WORK REQUIRED »
Each record must be printed again exactly as it appears.

□ □ □ □ □

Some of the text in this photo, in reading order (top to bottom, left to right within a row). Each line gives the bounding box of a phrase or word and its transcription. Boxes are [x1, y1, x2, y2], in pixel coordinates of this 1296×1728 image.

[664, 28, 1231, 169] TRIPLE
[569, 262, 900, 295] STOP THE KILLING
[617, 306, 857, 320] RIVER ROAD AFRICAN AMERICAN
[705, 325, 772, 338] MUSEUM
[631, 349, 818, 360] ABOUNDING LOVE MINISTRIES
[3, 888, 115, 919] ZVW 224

□ □ □ □ □

ANSWER BOX »
Some of the text in this photo, in reading order (top to bottom, left to right within a row). Each line gives the bounding box of a phrase or word and its transcription. Boxes are [x1, y1, x2, y2], in pixel coordinates of this 1296×1728 image.

[664, 28, 1231, 169] TRIPLE
[569, 262, 900, 295] STOP THE KILLING
[617, 306, 857, 320] RIVER ROAD AFRICAN AMERICAN
[705, 325, 772, 338] MUSEUM
[631, 349, 818, 360] ABOUNDING LOVE MINISTRIES
[3, 888, 115, 919] ZVW 224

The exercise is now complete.